This question evaluates proficiency in implementing deterministic game-state logic and compact binary representations, specifically array manipulation and merge semantics for 2048 slide operations plus bit-level packing/unpacking of 4-bit exponent fields.

Company: Citadel

Role: Software Engineer

Category: Coding & Algorithms

Difficulty: medium

Interview Round: Onsite

## Problem: 2048 move simulation + board compression You are implementing part of the **2048** game on a fixed **4×4** grid. ### Part A — Simulate a move Given a 4×4 board of non-negative integers (each is either 0 or a power of two), implement a function: - `move(board, dir) -> new_board` where `dir ∈ {LEFT, RIGHT, UP, DOWN}`. **Rules** (standard 2048): 1. All tiles slide as far as possible in the chosen direction. 2. If two adjacent tiles in the direction of movement have the same value, they merge into one tile of value `2x`. 3. Each tile can merge **at most once per move**. 4. Zeros represent empty cells. ### Part B — Encode/decode the board into a 64-bit integer Implement two functions: - `encode(board) -> uint64` - `decode(x) -> board` Constraints/assumptions for encoding: - The board is 4×4 = 16 cells. - Store each cell in **4 bits** as the exponent `e` where value = `2^e`. - Empty cell (0) is stored as `e = 0`. - Example: value 2 → e=1, 4 → e=2, … - Assume no cell exceeds `2^15` (so exponent fits in 4 bits). - You may choose any fixed cell order (e.g., row-major), but `decode(encode(board))` must reproduce the original board. ### Deliverables Describe/implement `move`, `encode`, and `decode` with correct handling of merges and bit packing.

Quick Answer: This question evaluates proficiency in implementing deterministic game-state logic and compact binary representations, specifically array manipulation and merge semantics for 2048 slide operations plus bit-level packing/unpacking of 4-bit exponent fields.

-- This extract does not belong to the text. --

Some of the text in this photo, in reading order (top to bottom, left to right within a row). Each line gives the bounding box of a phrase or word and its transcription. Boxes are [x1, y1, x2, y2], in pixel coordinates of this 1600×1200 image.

Part 1: Simulate a 2048 Move

You are given a 4x4 2048 board and a move direction. Return the board after applying exactly one move in that direction. Use the standard 2048 rules: 1. Tiles slide as far as possible in the chosen direction. 2. Equal adjacent tiles merge into one tile with double the value. 3. A tile can merge at most once during the move. 4. Zeros represent empty cells. 5. Do not add a new random tile after the move. Implement a function solution(board, direction) that returns the new 4x4 board.

Constraints

board is always 4x4
Each cell is 0 or a power of two
direction is one of 'LEFT', 'RIGHT', 'UP', 'DOWN'
You must follow the rule that each tile merges at most once per move

Examples

Input: ([[2, 0, 2, 4], [0, 4, 4, 8], [2, 2, 2, 2], [0, 0, 0, 2]], 'LEFT')

Expected Output: [[4, 4, 0, 0], [8, 8, 0, 0], [4, 4, 0, 0], [2, 0, 0, 0]]

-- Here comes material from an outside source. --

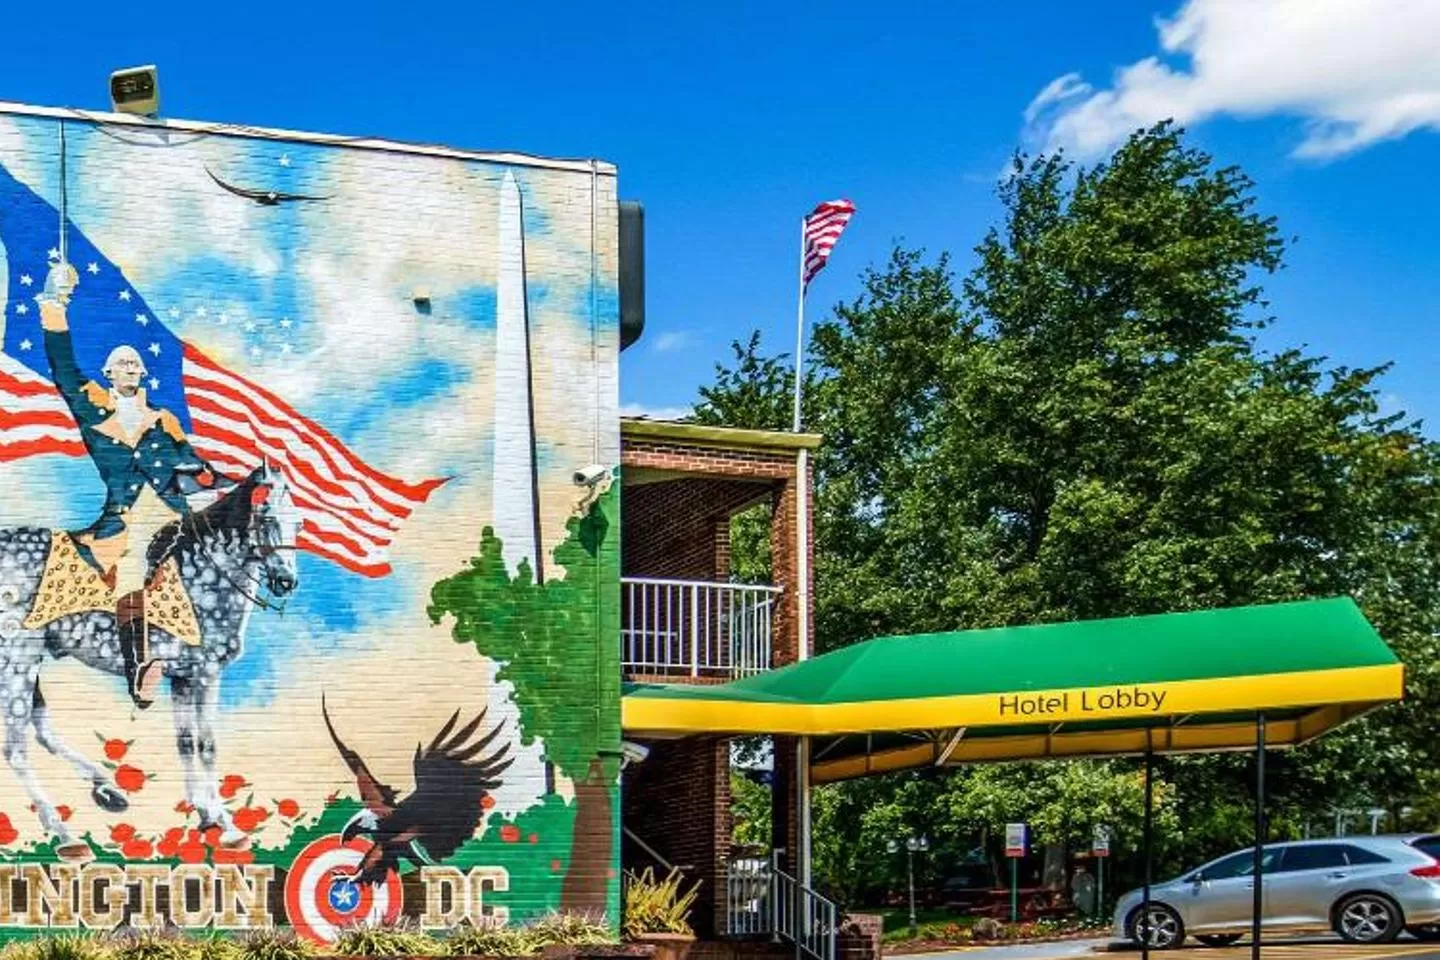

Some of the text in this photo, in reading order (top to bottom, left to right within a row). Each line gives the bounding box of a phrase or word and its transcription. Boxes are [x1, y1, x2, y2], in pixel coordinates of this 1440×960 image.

[999, 687, 1167, 715] Hotel Lobby
[419, 865, 510, 930] DC

Explanation: Each row is compressed to the left, with equal adjacent tiles merging once.

Input: ([[2, 2, 2, 0], [4, 0, 4, 4], [2, 2, 4, 4], [0, 0, 0, 0]], 'RIGHT')

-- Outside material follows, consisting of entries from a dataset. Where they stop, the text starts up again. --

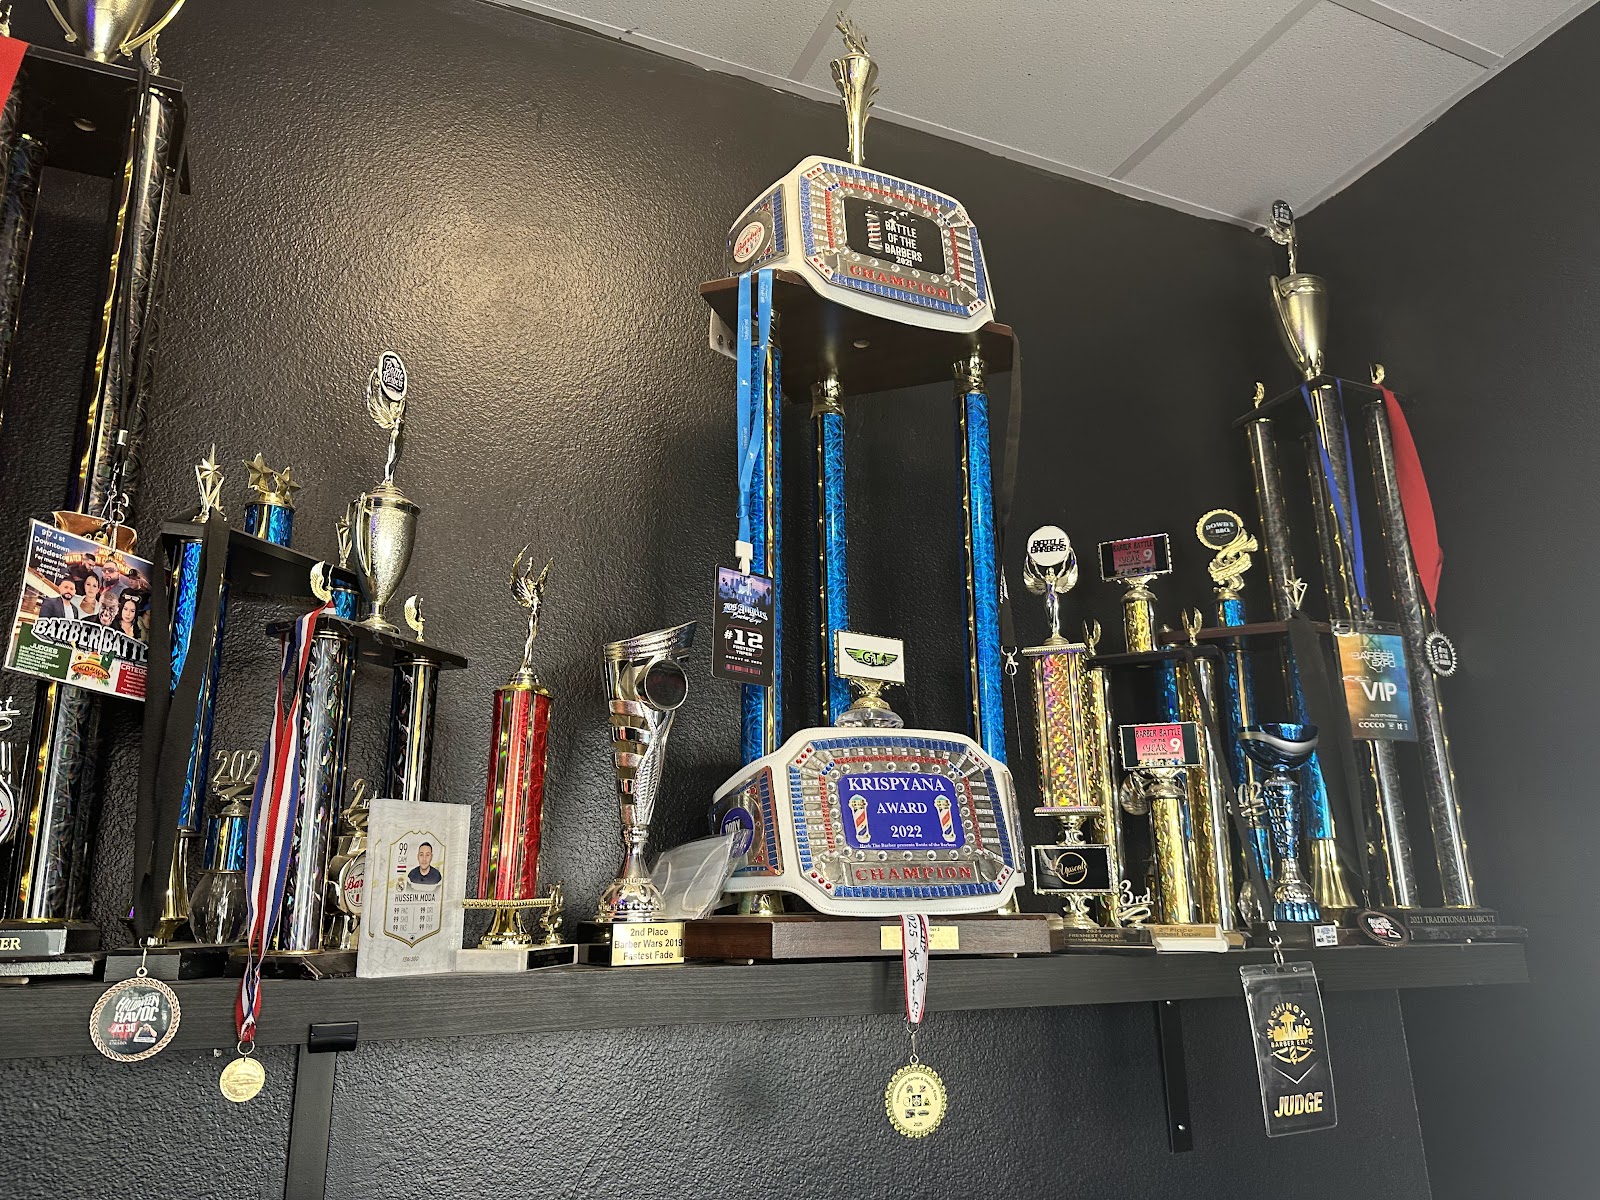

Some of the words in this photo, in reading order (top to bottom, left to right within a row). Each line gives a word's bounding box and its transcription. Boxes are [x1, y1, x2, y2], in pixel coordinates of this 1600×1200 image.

[884, 219, 917, 239] BATTLE
[887, 232, 899, 244] OF
[899, 235, 917, 249] THE
[884, 242, 923, 262] BARBERS
[896, 256, 913, 267] 2021
[850, 265, 949, 299] CHAMPION
[34, 536, 70, 553] Downtown
[1133, 540, 1153, 549] BATTLE
[35, 545, 67, 561] Modesto
[1143, 548, 1153, 561] 9
[34, 619, 101, 651] BARBER
[103, 627, 149, 663] BATTL
[724, 629, 764, 650] #12
[1371, 660, 1396, 668] EXPO
[1361, 681, 1398, 701] VIP
[1135, 729, 1157, 738] BARBER
[1159, 728, 1181, 737] BATTLE
[1142, 743, 1168, 752] YEAR
[1170, 737, 1181, 752] 9
[213, 750, 261, 783] 202
[847, 777, 946, 792] KRISPYANA
[877, 802, 928, 814] AWARD
[890, 825, 923, 838] 2022
[398, 842, 408, 856] 99
[855, 866, 972, 880] CHAMPION
[1119, 879, 1151, 907] 3rd
[906, 914, 918, 938] 025
[1410, 916, 1424, 924] 2021
[1424, 915, 1467, 924] TRADITIONAL
[1467, 915, 1495, 923] HAIRCUT
[630, 928, 645, 937] 2nd
[647, 927, 669, 936] Place
[0, 937, 21, 950] ER
[614, 940, 641, 949] Barber
[643, 939, 663, 948] Wars
[665, 938, 683, 947] 2019
[623, 951, 653, 960] Fastest
[654, 950, 674, 959] Fade
[114, 1006, 160, 1023] HAVOC
[1266, 1002, 1314, 1039] WASHINGTON
[1270, 1040, 1295, 1048] BARBER
[1296, 1038, 1313, 1046] EXPO
[1274, 1091, 1324, 1118] JUDGE

Expected Output: [[0, 0, 2, 4], [0, 0, 4, 8], [0, 0, 4, 8], [0, 0, 0, 0]]

Explanation: Merges happen from the side of movement, and no tile merges twice.

Input: ([[2, 0, 2, 2], [2, 4, 0, 2], [4, 4, 2, 0], [4, 0, 2, 2]], 'UP')

Expected Output: [[4, 8, 4, 4], [8, 0, 2, 2], [0, 0, 0, 0], [0, 0, 0, 0]]

Explanation: Process each column as if it were a row moving left, then rebuild the board.

Input: ([[0, 0, 0, 0], [0, 0, 0, 0], [0, 0, 0, 0], [0, 0, 0, 0]], 'DOWN')

Expected Output: [[0, 0, 0, 0], [0, 0, 0, 0], [0, 0, 0, 0], [0, 0, 0, 0]]

Explanation: Edge case: an empty board stays unchanged.

Solution

def solution(board, direction):
    def merge_line(line):
        nums = [x for x in line if x != 0]
        merged = []
        i = 0
        while i < len(nums):
            if i + 1 < len(nums) and nums[i] == nums[i + 1]:
                merged.append(nums[i] * 2)
                i += 2
            else:
                merged.append(nums[i])
                i += 1
        merged.extend([0] * (4 - len(merged)))
        return merged

    if direction == 'LEFT':
        return [merge_line(row) for row in board]

    if direction == 'RIGHT':
        return [list(reversed(merge_line(list(reversed(row))))) for row in board]

    if direction == 'UP':
        cols = list(zip(*board))
        merged_cols = [merge_line(list(col)) for col in cols]
        return [list(row) for row in zip(*merged_cols)]

    if direction == 'DOWN':
        cols = list(zip(*board))
        merged_cols = [list(reversed(merge_line(list(reversed(col))))) for col in cols]
        return [list(row) for row in zip(*merged_cols)]

    raise ValueError('Invalid direction')

Time complexity: O(1). Space complexity: O(1).

Hints

Write a helper that processes a single line moving left: remove zeros, merge equal neighbors once, then pad with zeros.
You can reuse the same helper for RIGHT, UP, and DOWN by reversing rows or working column-by-column.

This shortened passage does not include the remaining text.